State Senator Loni Hancock today introduced a proposed state constitutional amendment to let a simple majority of the Legislature place tax measures on the ballot for passage by a simple majority of voters.
Hancock, D-Berkeley, says her SCA 15, which she’s calling “The Taxpayer Right to Vote Act,” wouldn’t replace the existing two-thirds requirement to pass taxes, but rather would create an alternative to it: a “double majority” in which both lawmakers and the public weigh in.
“This is a common-sense proposal to help break the gridlock that is still gripping Sacramento,” Hancock said in her news release. “We spent the past six months in fruitless negotiations with Republicans that went nowhere. Now, many of the public institutions that once made our state great and provided opportunities for our citizens are in grave jeopardy. Voters should have the right to decide if they want to pay for teachers in the classroom and police on the streets.”
Hancock said the need to provide revenue “for vital services that are important to the well-being of Californians” shouldn’t be held hostage by a legislative minority that’s unwilling to compromise and “blinded by narrow ideological agendas.”

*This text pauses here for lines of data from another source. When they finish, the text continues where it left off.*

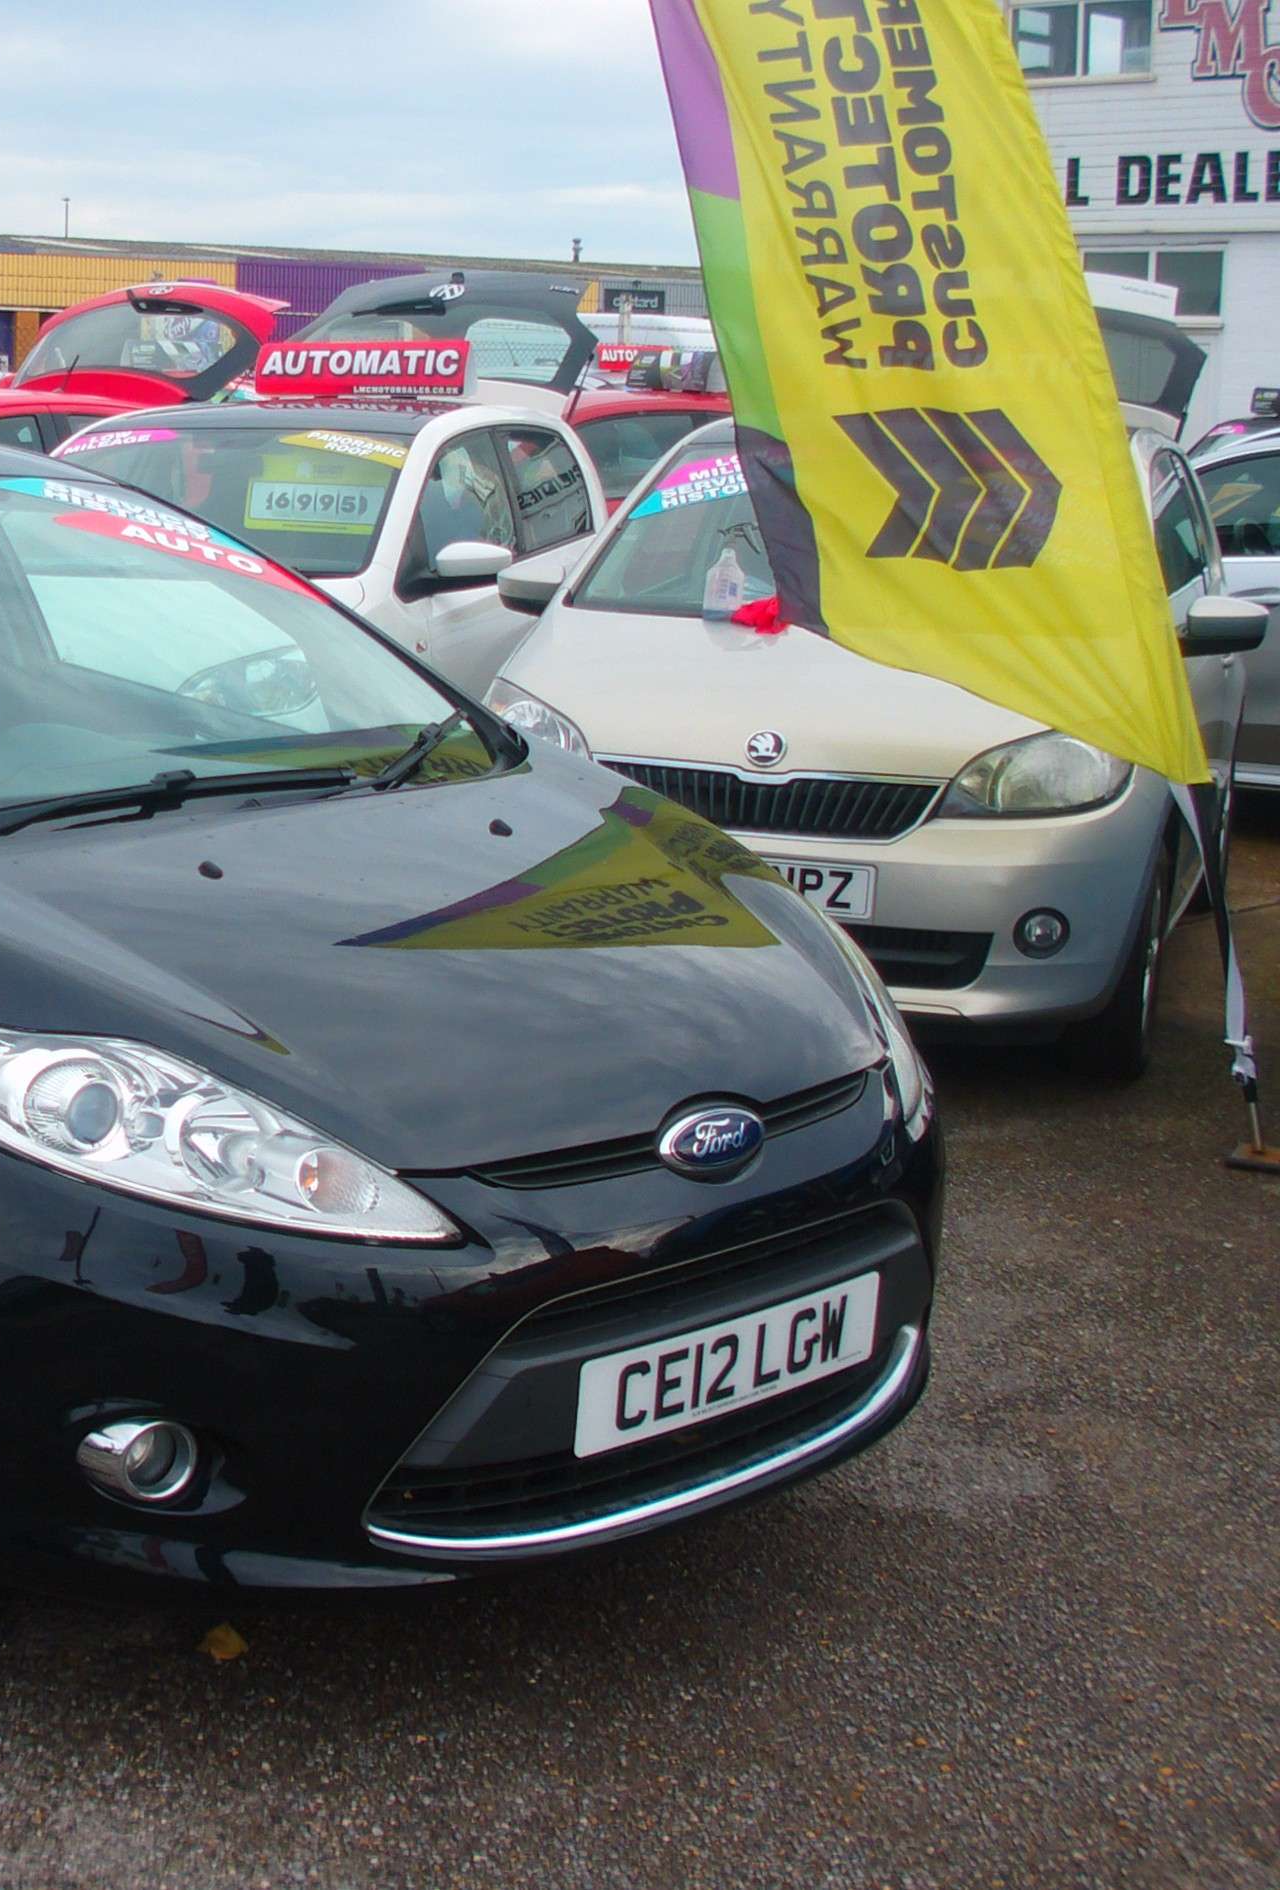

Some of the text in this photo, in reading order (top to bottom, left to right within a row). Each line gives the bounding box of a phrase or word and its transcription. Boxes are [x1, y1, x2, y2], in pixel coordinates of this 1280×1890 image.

[261, 350, 459, 375] AUTOMATIC
[601, 349, 637, 362] AUTO
[307, 430, 405, 457] PANORAMIC
[324, 442, 372, 457] ROOF
[120, 525, 263, 574] AUTO
[693, 1118, 744, 1158] Ford
[615, 1294, 848, 1431] CE12 LGW
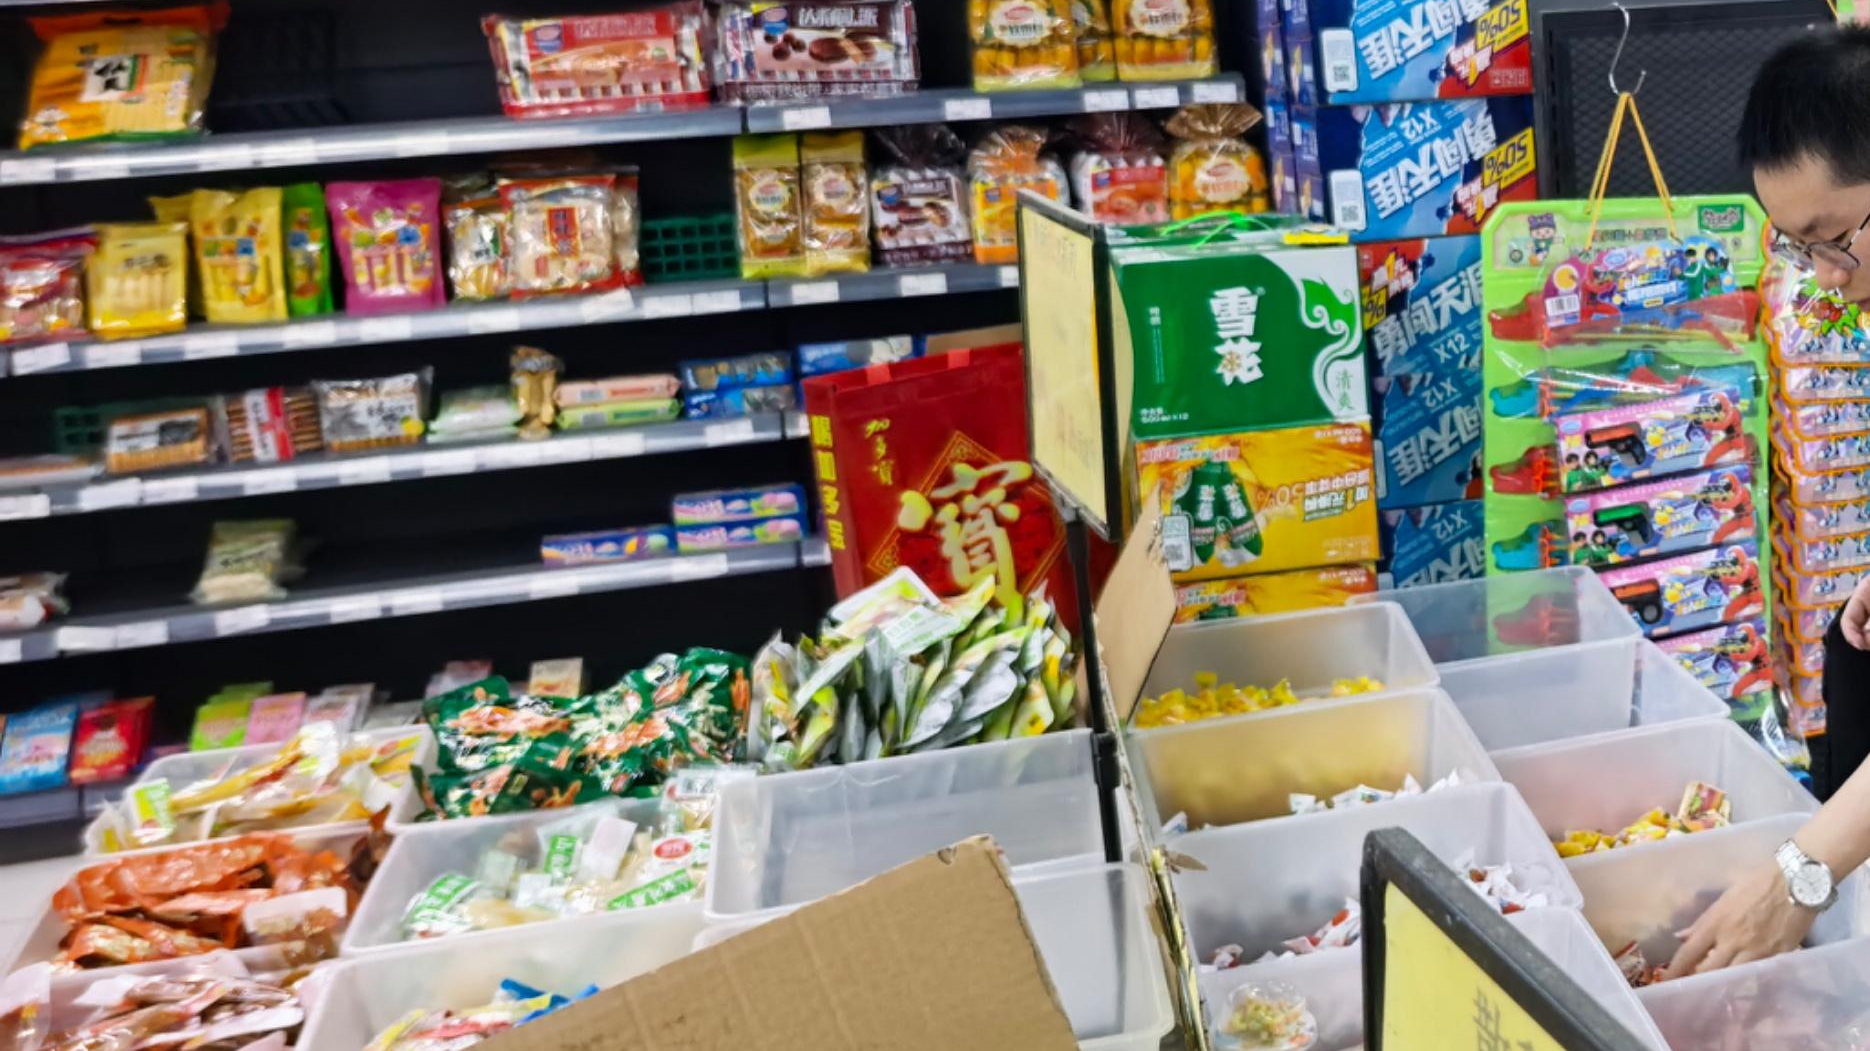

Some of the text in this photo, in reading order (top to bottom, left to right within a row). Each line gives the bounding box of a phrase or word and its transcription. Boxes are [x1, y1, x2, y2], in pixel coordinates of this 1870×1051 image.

She framed this as another reform measure aimed at making state government more responsive to the people, a natural follow-up to Proposition 25’s creation of a majority-vote budget process. “It simply creates a viable alternative to legislative gridlock.”

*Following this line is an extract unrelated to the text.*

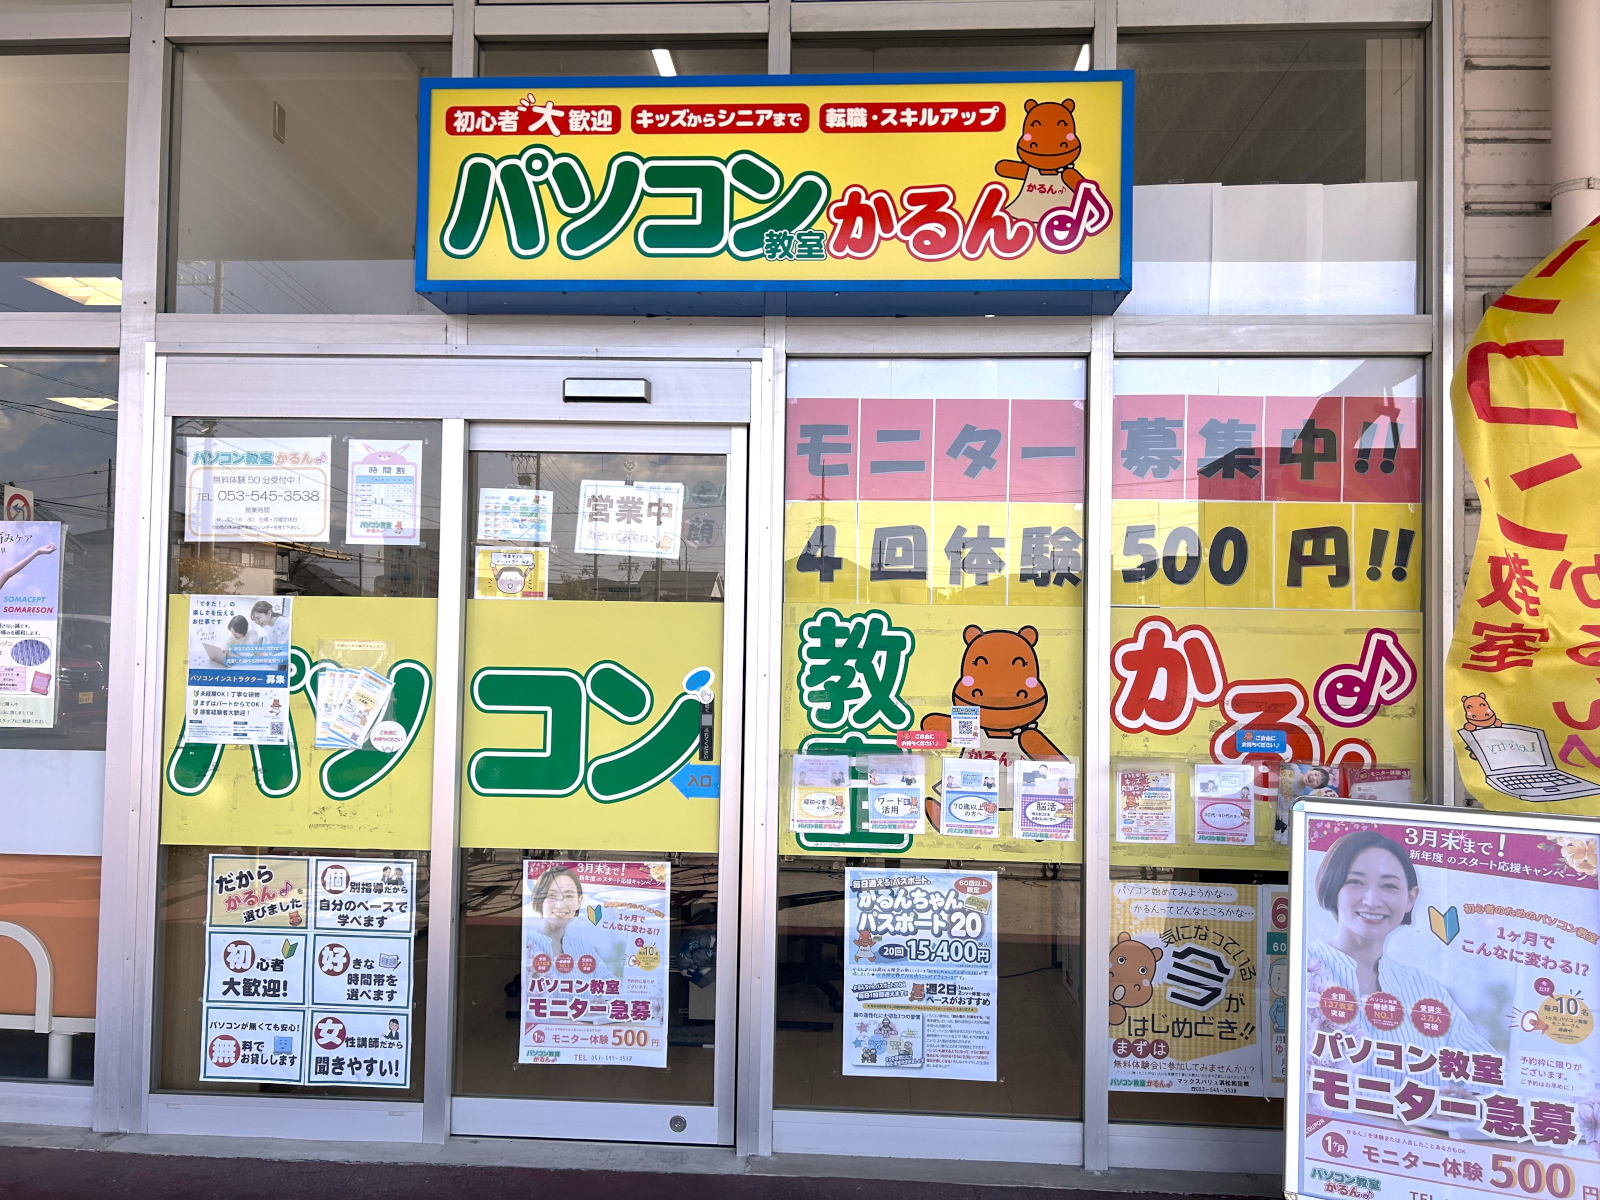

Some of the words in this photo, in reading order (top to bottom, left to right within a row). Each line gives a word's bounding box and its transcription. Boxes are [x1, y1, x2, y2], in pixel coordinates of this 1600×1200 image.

I’ve left a message for Howard Jarvis Taxpayers Association President Jon Coupal and will update this item as soon as I’ve heard back from him…

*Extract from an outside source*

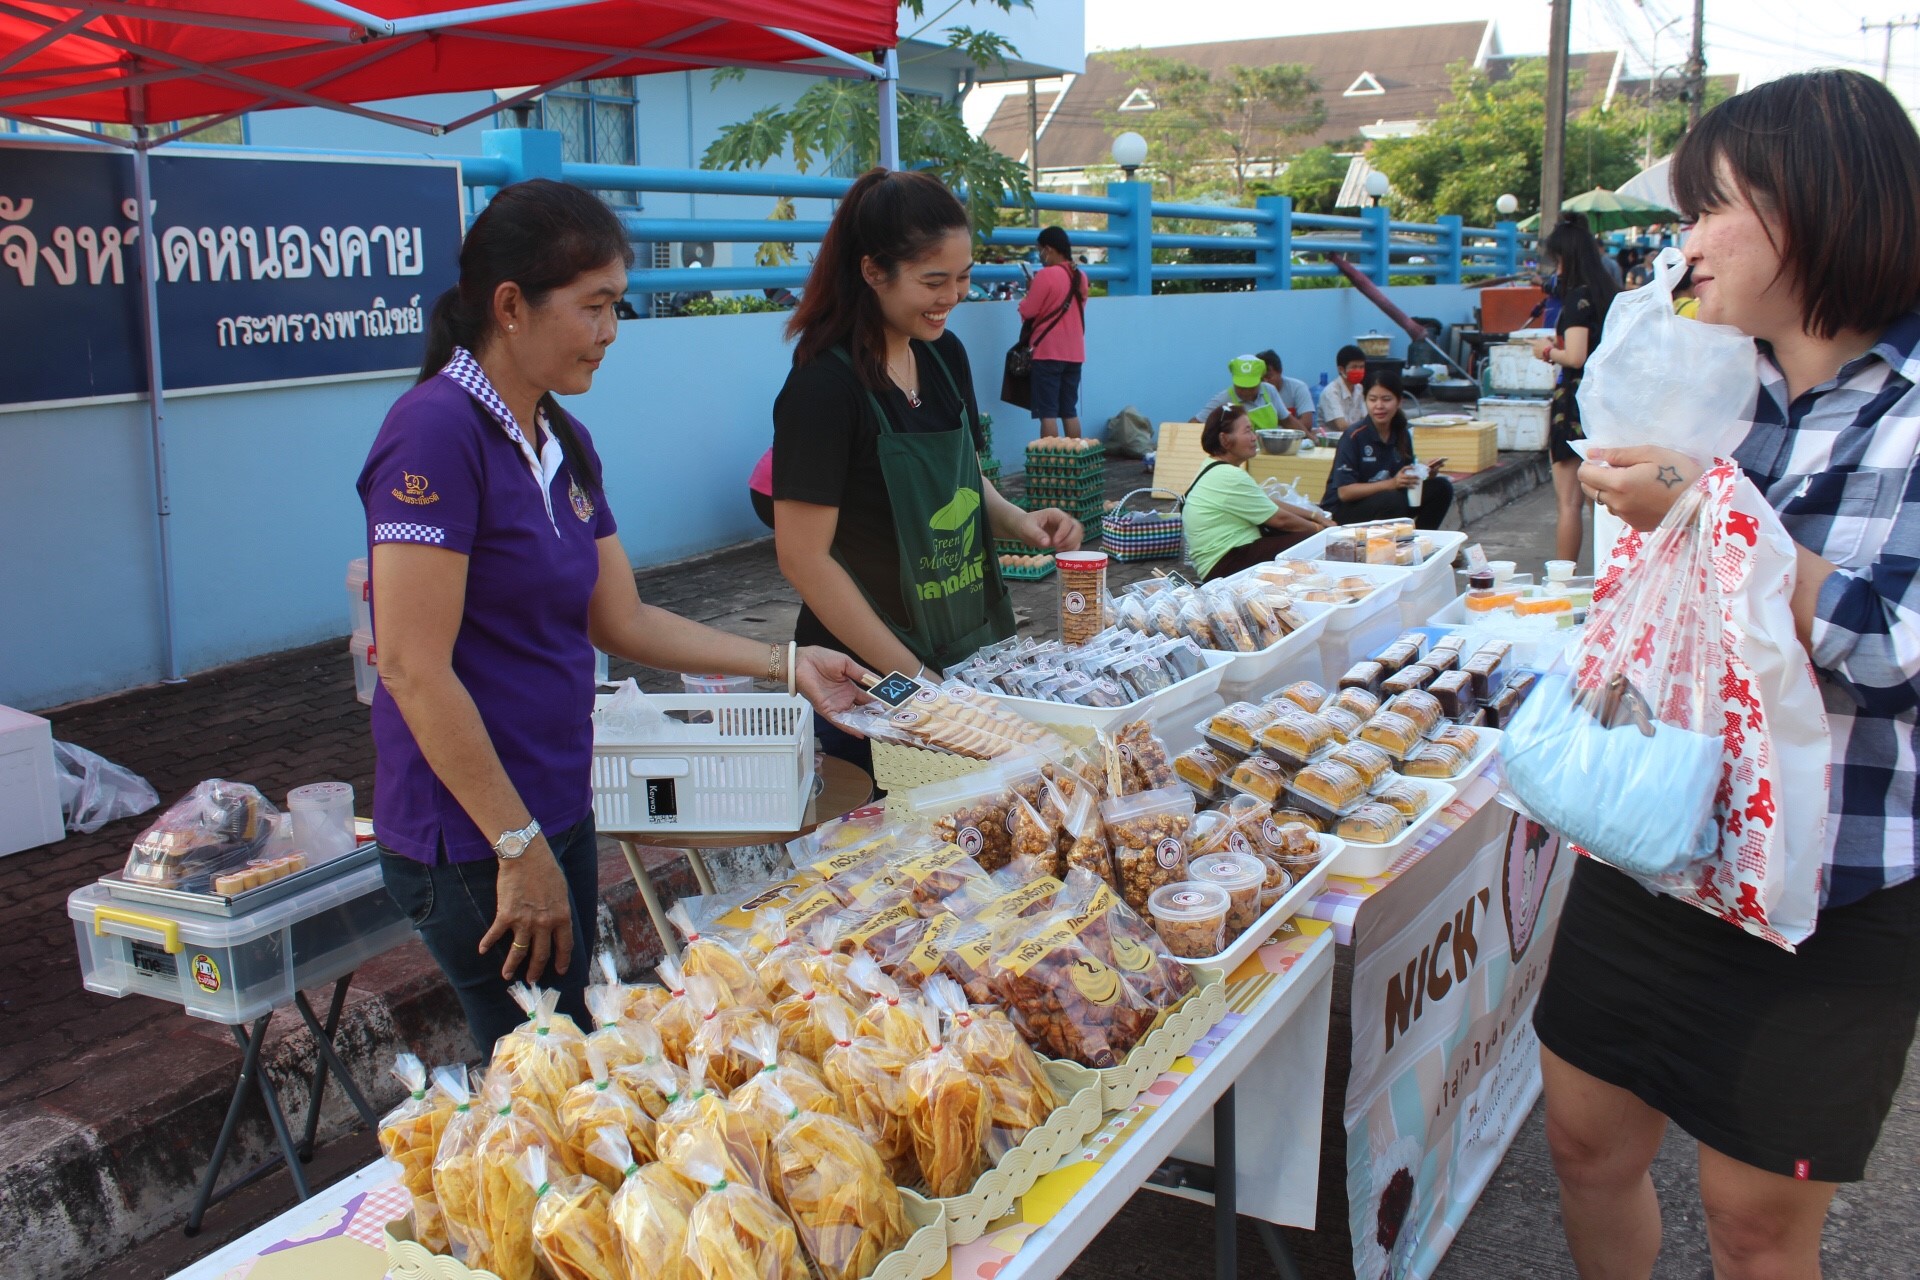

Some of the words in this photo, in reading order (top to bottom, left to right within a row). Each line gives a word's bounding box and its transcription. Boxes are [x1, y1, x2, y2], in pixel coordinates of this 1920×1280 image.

[217, 294, 425, 347] กระทรวงพาณิชย์
[648, 785, 658, 814] Keyway
[134, 955, 161, 973] Fine
[1096, 1052, 1111, 1066] OTOP

UPDATE @ 3:39 P.M.: “This is called the ‘Legislature Screws the Taxpayers Act of 2012?’ ” Coupal asked with a laugh. “When the voters passed Prop. 25, they were told over and over and over again, ‘This does not affect the two-thirds vote for taxes. Anyone who does not believe there was a long-term agenda here is deceiving themselves.”
If this makes it onto next year’s ballot, voters would “beat this thing like a drum,” Coupal added. “The voters just rejected the last eight statewide tax proposals that appeared on the ballot… so the voters are very negative on tax increases and they will see this for what it really is: a power grab by the Legislature.”